Breaking the Barriers towards Large-scale Microalgae-based Bio-hydrogen Production
Abstract
Microalgae-based biohydrogen (MaBHP) can couple CO2 mitigation with renewable fuel generation and wastewater remediation, yet deployment is limited by low light-to-H2 efficiencies and high cultivation and processing costs. This review maps scale-up barriers across cultivation, H2 induction, and purification, and prioritizes strategies with demonstrated cost or yield impact toward industrial feasibility. The review synthesized quantitative evidence (2000–2025) from techno-economic and life-cycle studies and pilot demonstrations covering wastewater integration, flue-gas CO2 utilization, immobilized cultivation, hybrid ORP–PBR operation, and biorefinery co-products. Results showed that cultivation dominates the process cost: typical biomass costs are $3.54–$5.78/kg in tubular PBRs versus $3.42–$4.13/kg in ORPs; an automation/modularization case decreased microalgae production cost from $89 to $16/kg at ~200 t/yr.
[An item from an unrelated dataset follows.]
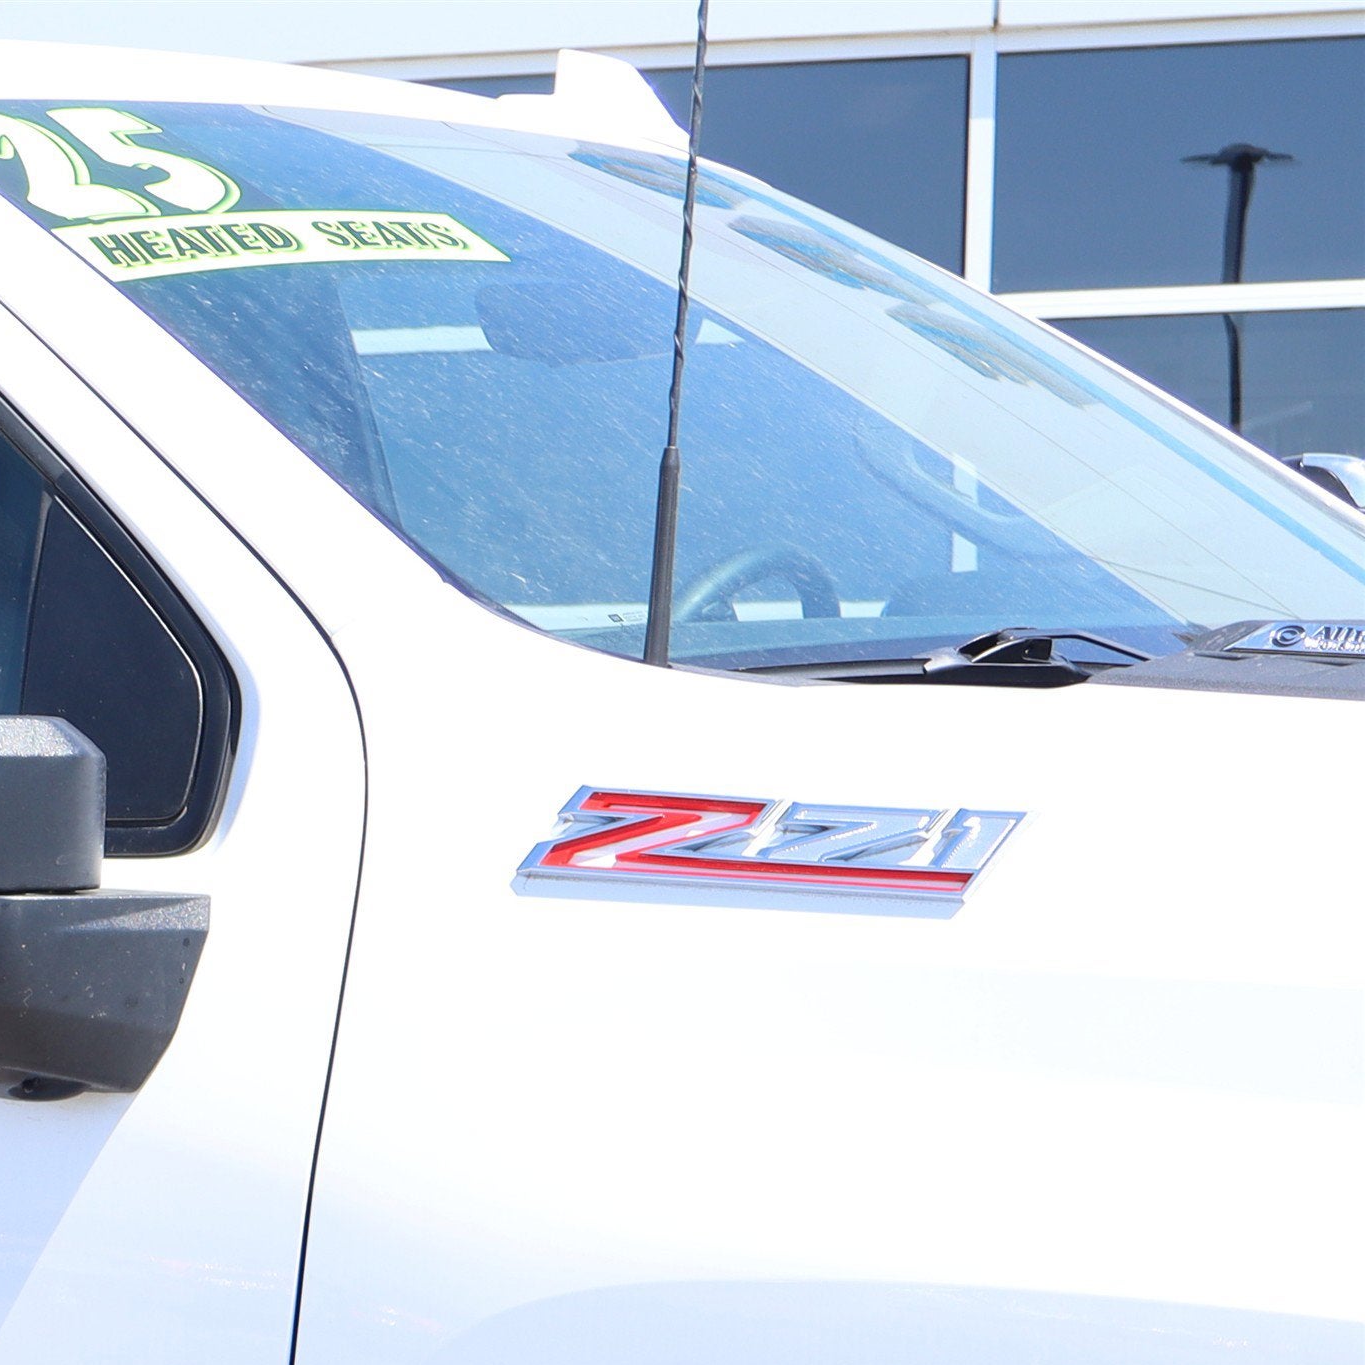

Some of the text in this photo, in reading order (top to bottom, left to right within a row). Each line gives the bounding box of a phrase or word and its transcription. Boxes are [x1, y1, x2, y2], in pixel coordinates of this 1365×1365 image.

[88, 220, 468, 268] HEATED SEATS
[1312, 625, 1365, 641] Alli
[514, 785, 1029, 902] Z71
Today, MaBHP via biophotolysis remains $7.2–$7.6/kg—above green electrolysis ($5–$7/kg) and grey/blue SMR ($1–$3/$1.6–$3.5/kg). Integration levers show tangible gains: secondary-treated wastewater enabled Chlorella growth with 76 % NH4 + removal and 53 % lipid accumulation; the spent medium yielded 200.8 μmolH2/mgchlorophyll.a in cyanobacteria; swinewastewater loops cut freshwater use six-fold with 45.5 mLH2/gVS; alginate immobilization raised H2 ~40 % (to 2.4 LH2/Lculture) over five reuse cycles. A CSTR nutrient-recovery line on digested Scenedesmus recovered 68 % N and 72 % P via struvite, reducing synthetic fertilizer ~35 %; flue-gas CO2 (12 % v/v) lifted biomass 22 % and reduced carbon-supplement cost 86 %. The results show that combining wastewater/nutrient circularity, CO2 coutilization, oxygen/electron-flow control, high-A/V reactors with automation, and co-product valorization can narrow the cost gap and orient MaBHP toward future $1–$2/kg benchmarks.